Exercise data section start

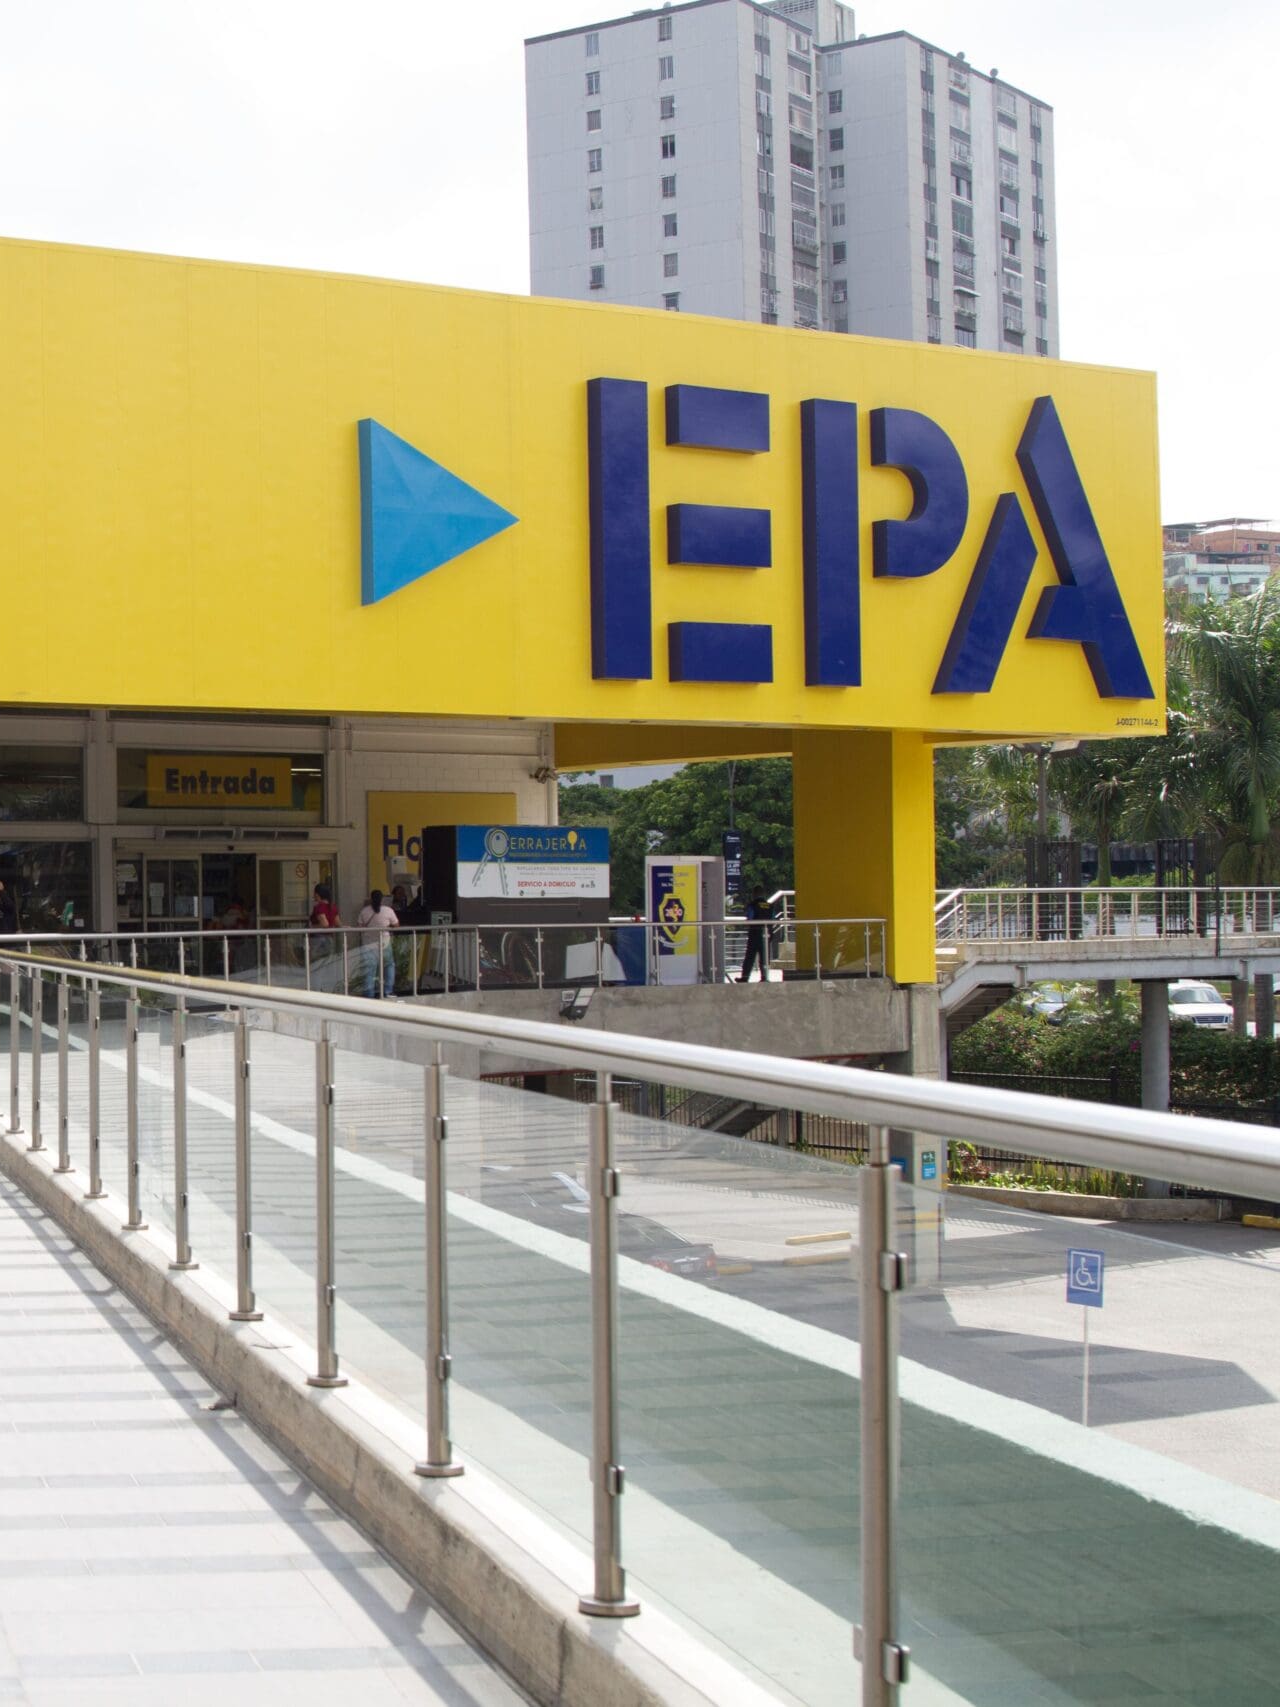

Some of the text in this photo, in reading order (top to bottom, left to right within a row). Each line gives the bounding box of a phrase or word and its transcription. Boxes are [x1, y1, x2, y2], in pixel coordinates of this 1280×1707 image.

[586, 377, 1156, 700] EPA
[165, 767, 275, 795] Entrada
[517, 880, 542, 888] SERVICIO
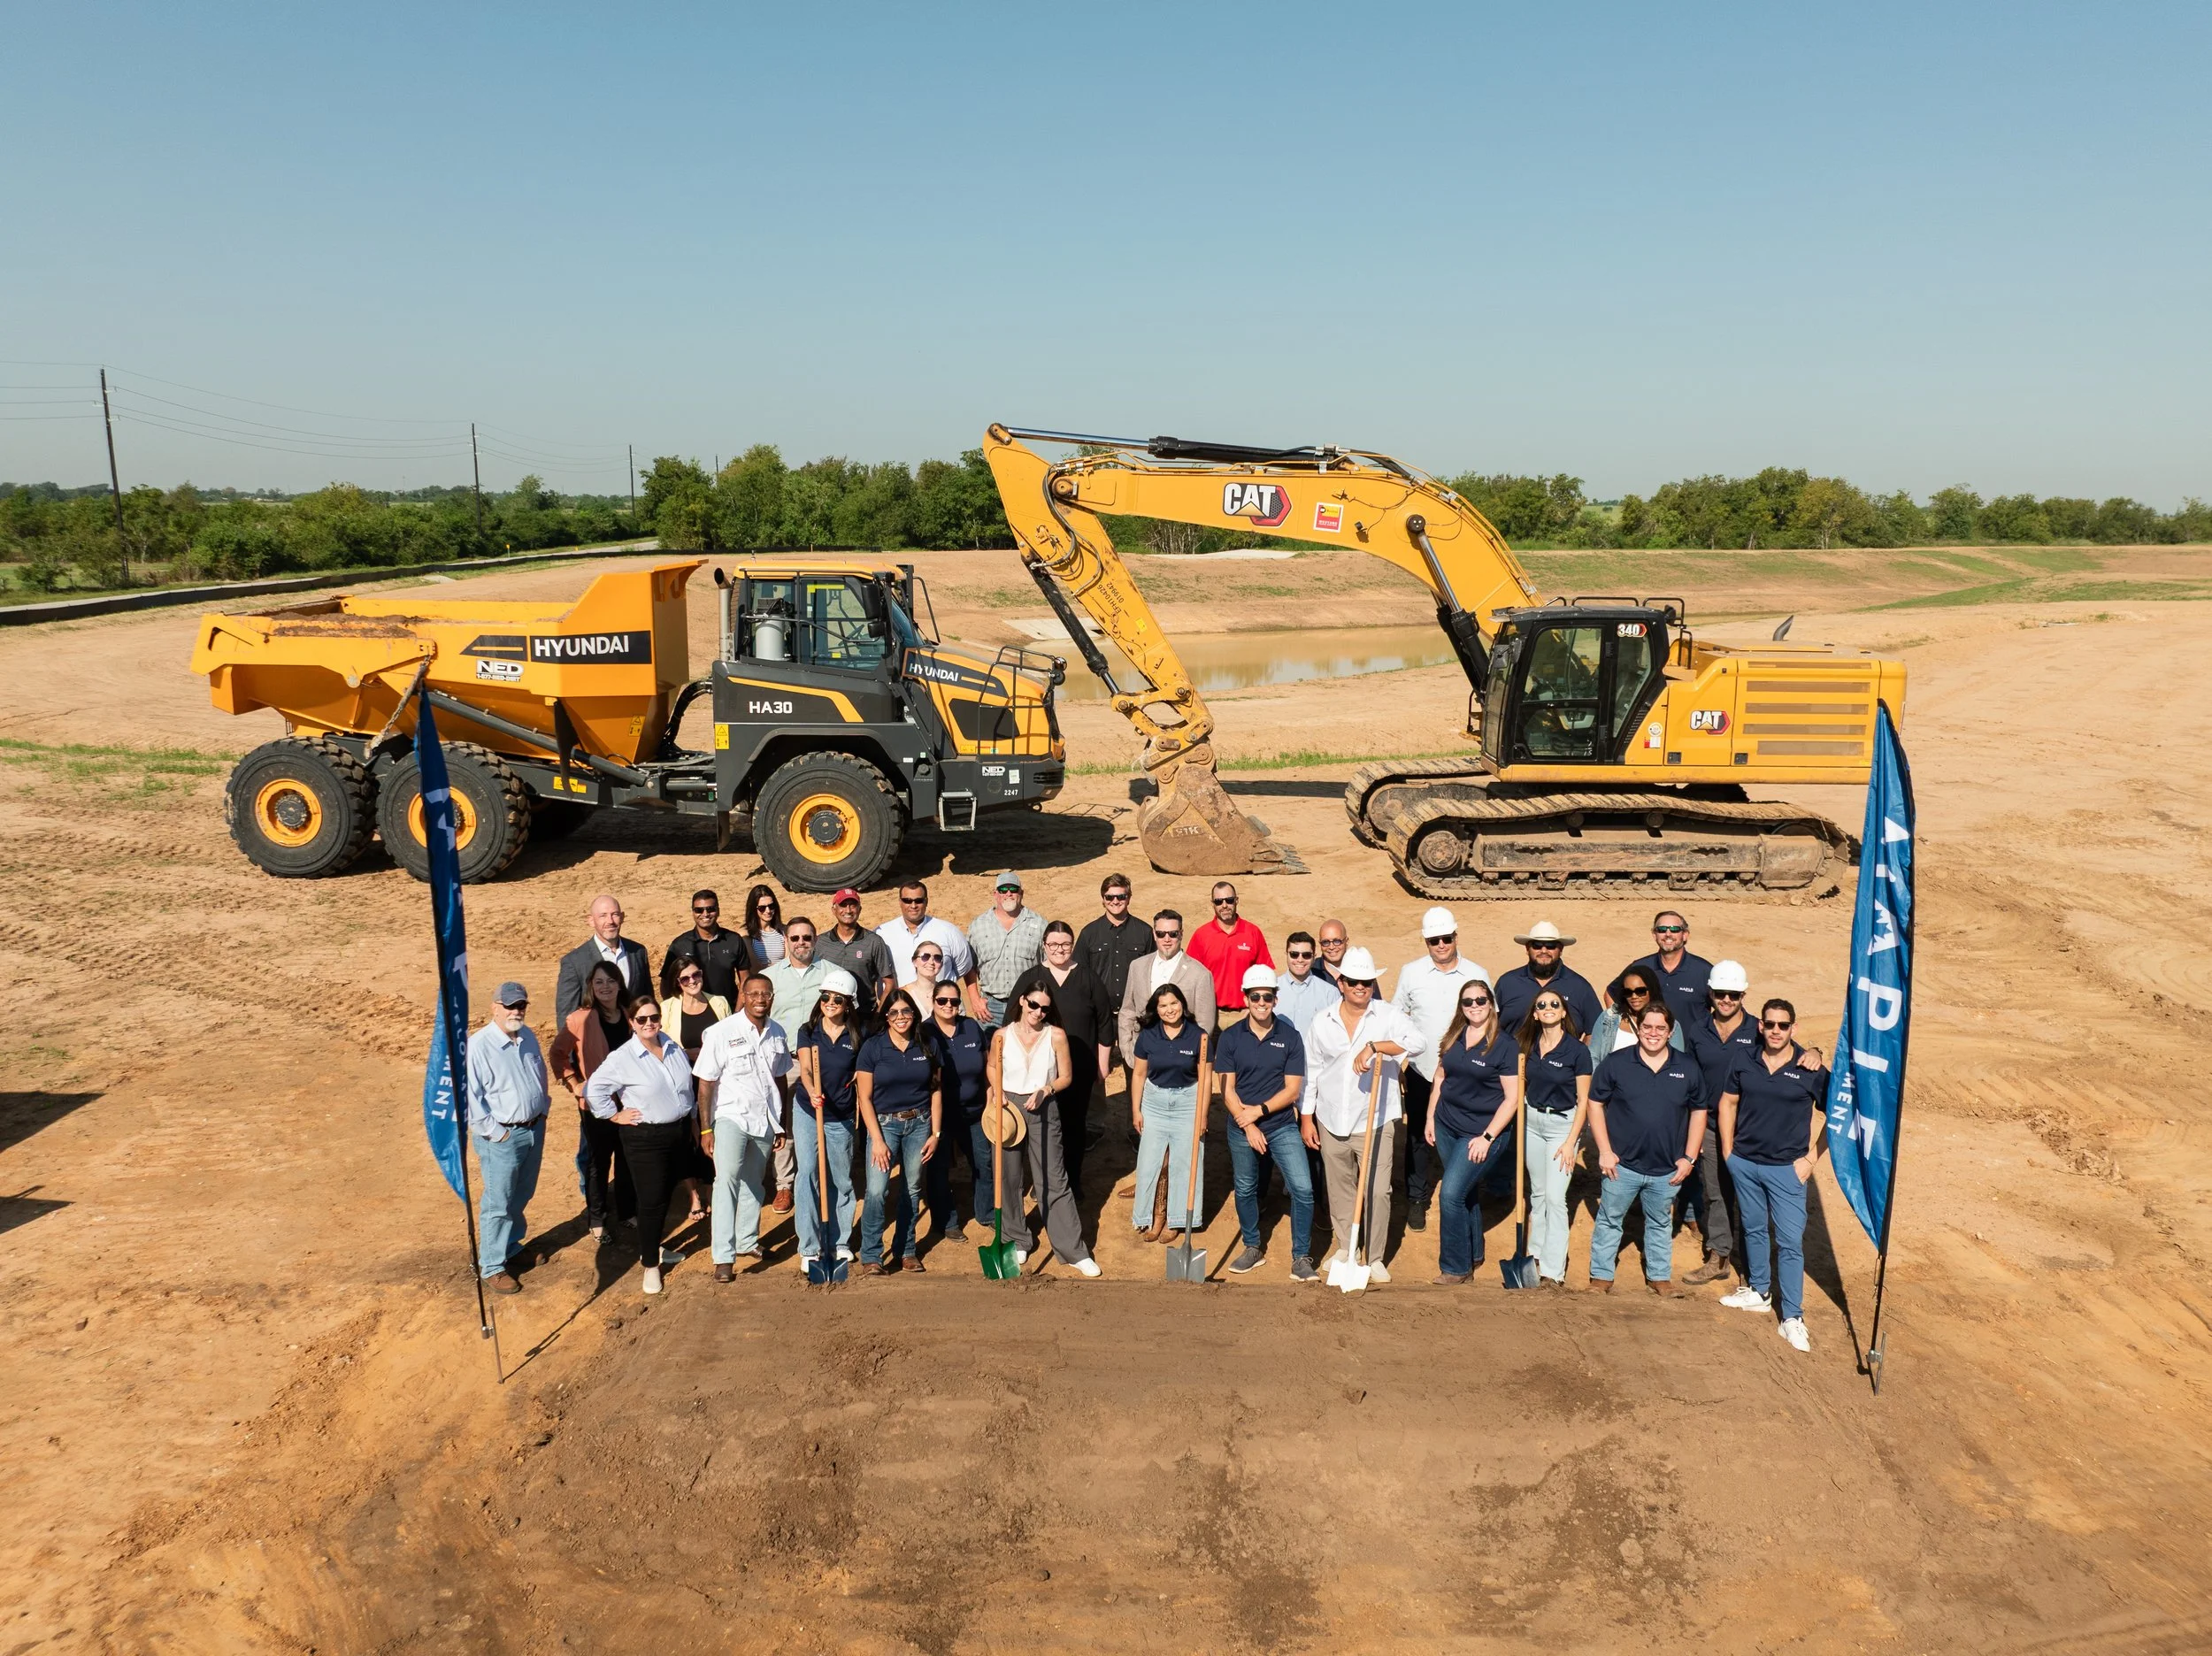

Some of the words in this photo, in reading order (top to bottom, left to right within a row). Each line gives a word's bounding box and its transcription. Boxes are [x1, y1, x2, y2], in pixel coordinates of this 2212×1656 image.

Exercise data section end

How to complete this task: Copy out the data above exactly, except the pictures.

Task response:
Some of the text in this photo, in reading order (top to bottom, left to right within a row). Each line gives the bounding box of a phrase or word and its transcription. Boxes are [x1, y1, x2, y2], in pixel coordinates of this 1280×1707 image.

[586, 377, 1156, 700] EPA
[165, 767, 275, 795] Entrada
[517, 880, 542, 888] SERVICIO

Some of the words in this photo, in reading order (top to bottom, left to right within a row). Each line gives a word's bounding box and its transcription. Boxes are [x1, y1, x2, y2], in pixel coordinates of this 2212×1656 image.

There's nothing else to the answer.